What is a bookkeeper? and why you should hire one.

That pile of receipts and invoices is getting bigger AND you haven’t updated your cash flow spreadsheet in 2 months!  You know roughly where you are financially with your business but how do you get a clearer, accurate and more up-to-date picture? Most SME’s live and die by their cash flow so employing effective bookkeeping and accountants is invaluable to the overall growth and stability of your business. What is the difference between a bookkeeper and an accountant and which one is the right one for you?

Accountant vs Bookkeeper

An accountant will generally look at your ‘books’ on a quarterly basis and advise on VAT, Corporation Tax owed and other such legal requirements for your business.  As well as classifying, reporting and summarising financial data. A bookkeeper will work on day-by-day basis recording financial transactions chronologically and advise on any cashflow problems or late payment invoices and in some cases, can help with classification and financial reporting.
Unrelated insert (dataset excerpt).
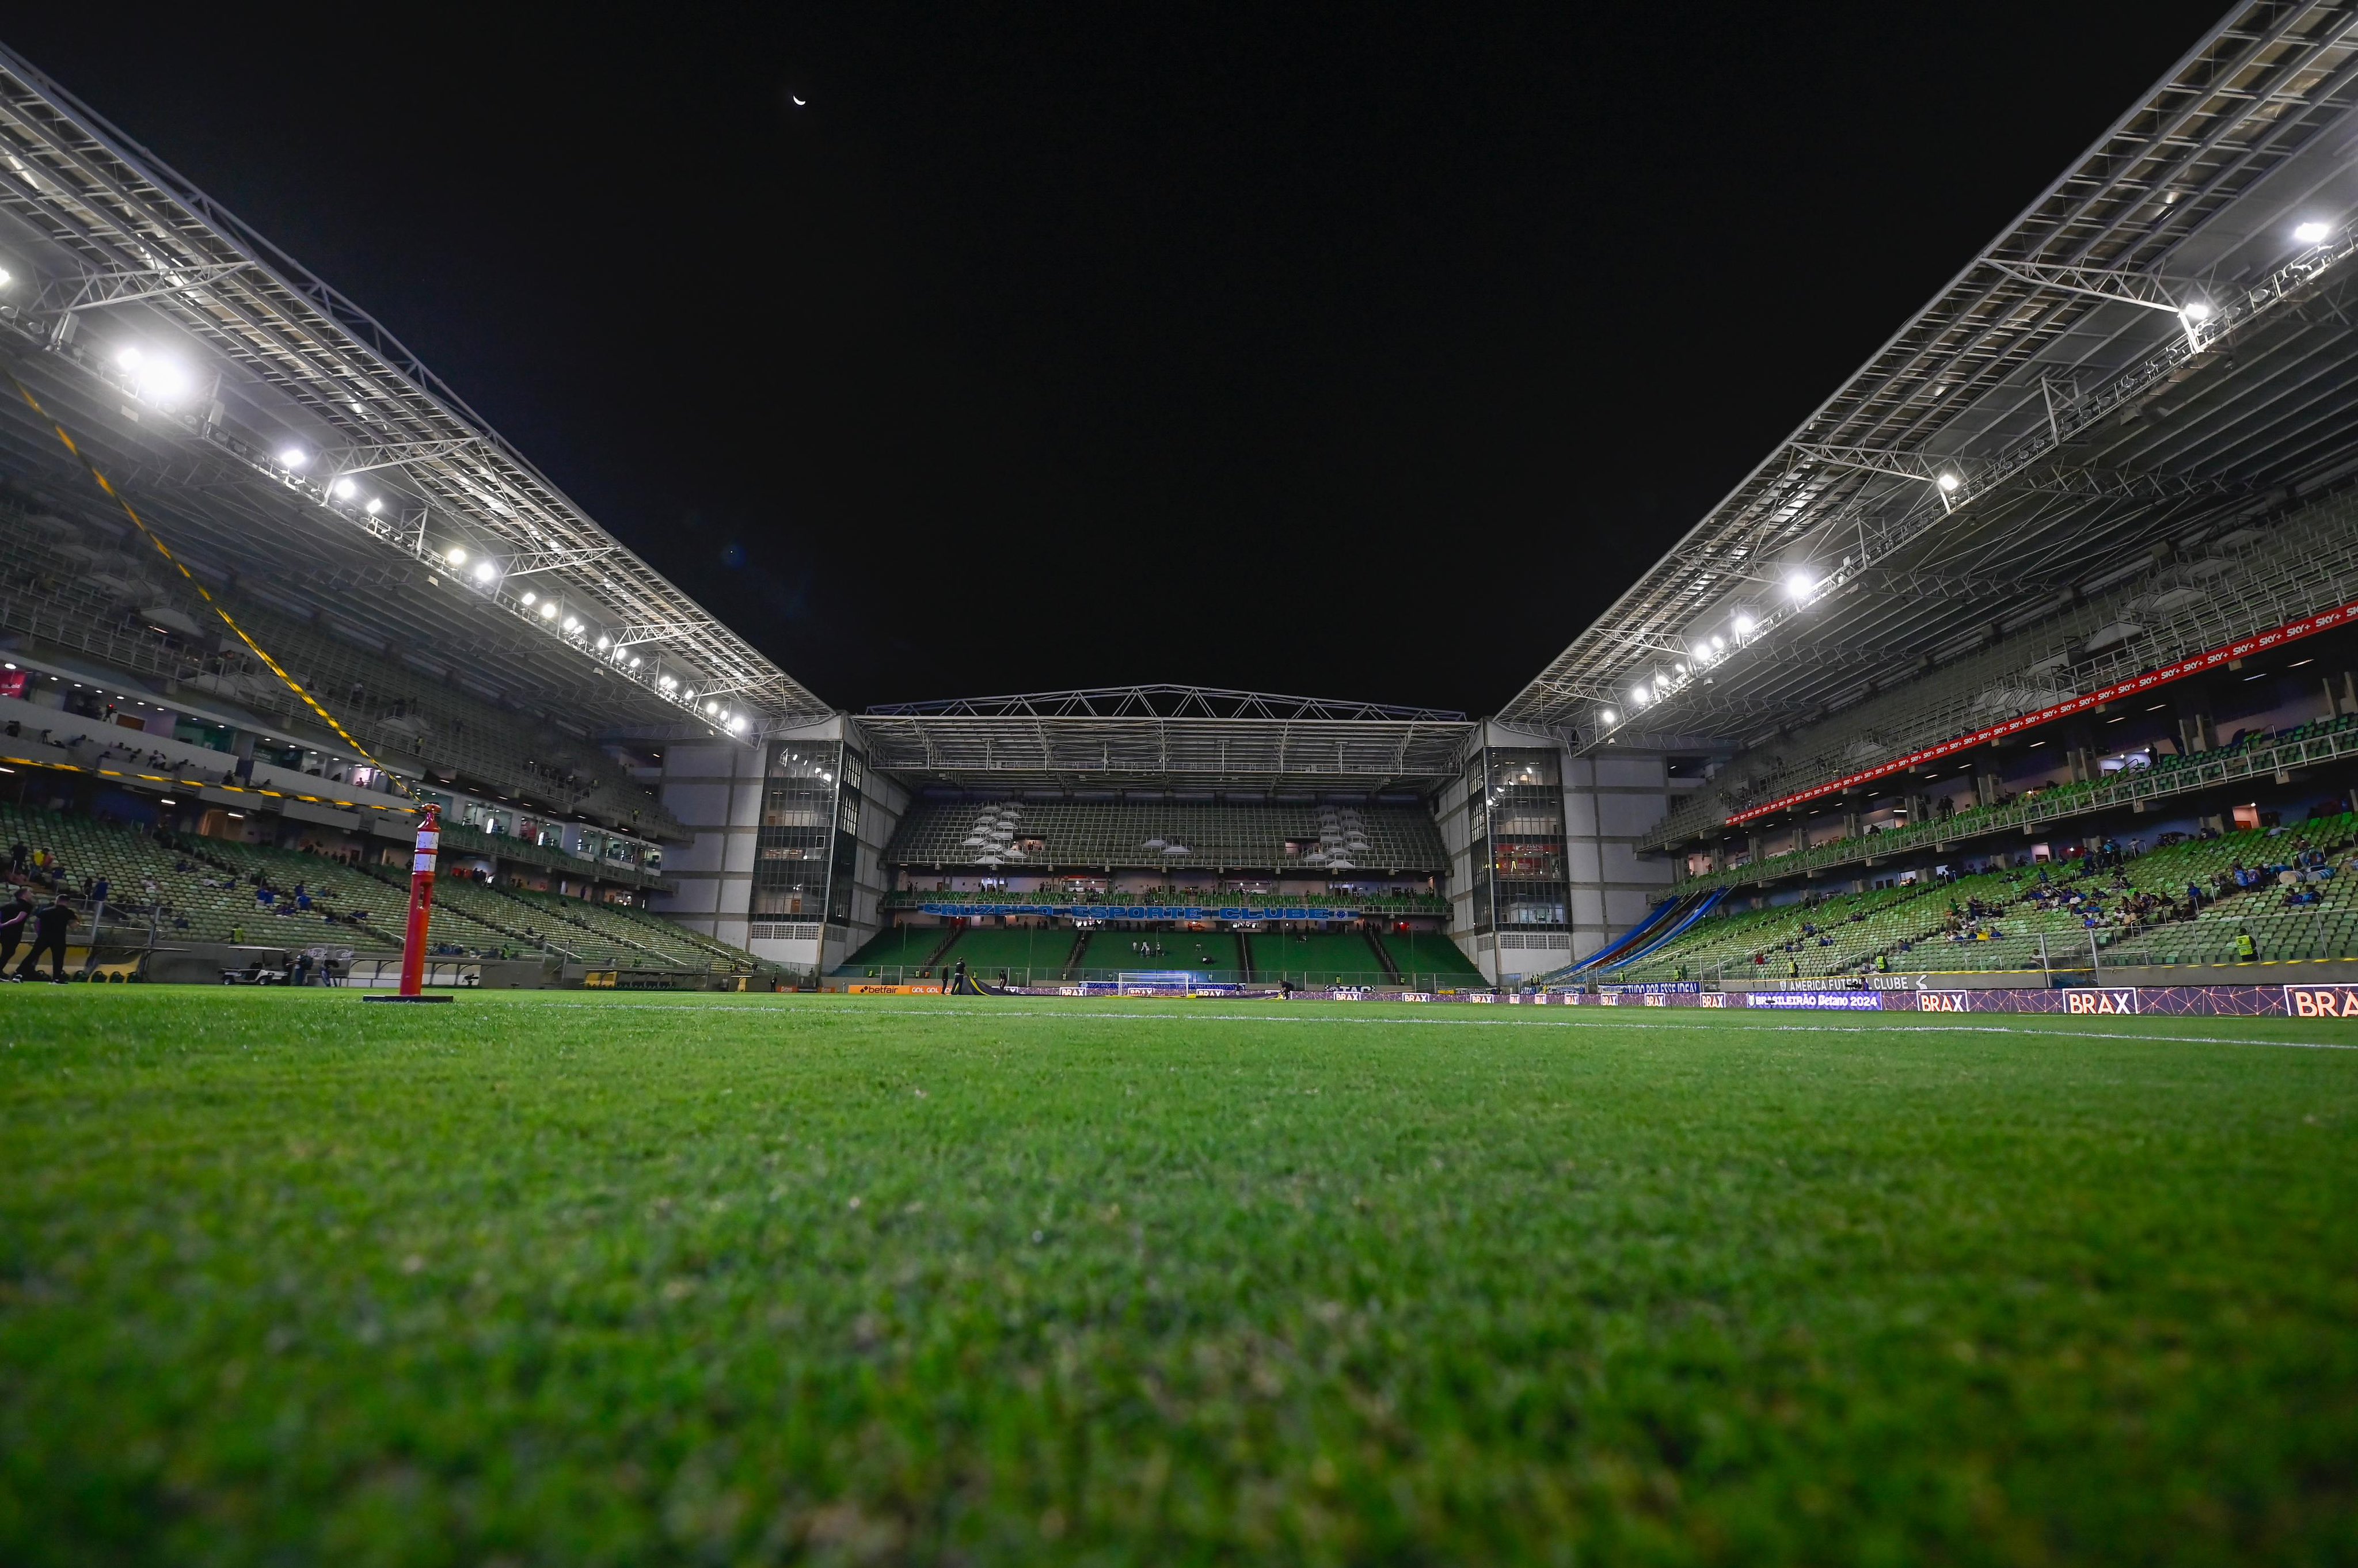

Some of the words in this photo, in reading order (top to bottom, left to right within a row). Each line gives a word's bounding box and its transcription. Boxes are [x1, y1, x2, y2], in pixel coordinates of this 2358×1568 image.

Most business will really need both services, but often they only engage an accountant largely because they feel they can handle the day to day activity themselves but also to help reduce costs. But is this a sensible decision?

Business owners are so busy running their business, that the task of recording of financial transactions and performing a reconciliation get left to the end of the quarter when the VAT return is due. That also means that for much of the time their view of their company’s finances is several weeks out of date. Some business owners get so behind that their accountant is brought into clear the backlog and this can be a significant expense as it’s not the core business of an accountant to handle this type of work.

At Designated Bookkeeping, we would strongly recommend that all business owners employ a highly trained bookkeeper as soon as they are able to afford to do so. A good bookkeeper brings two distinct advantages: –

  1. Relieves the pressure on the business owner to manage the day to day finances freeing him/ her up to grow their business
  2. Ensures financial control with accurate up to date data.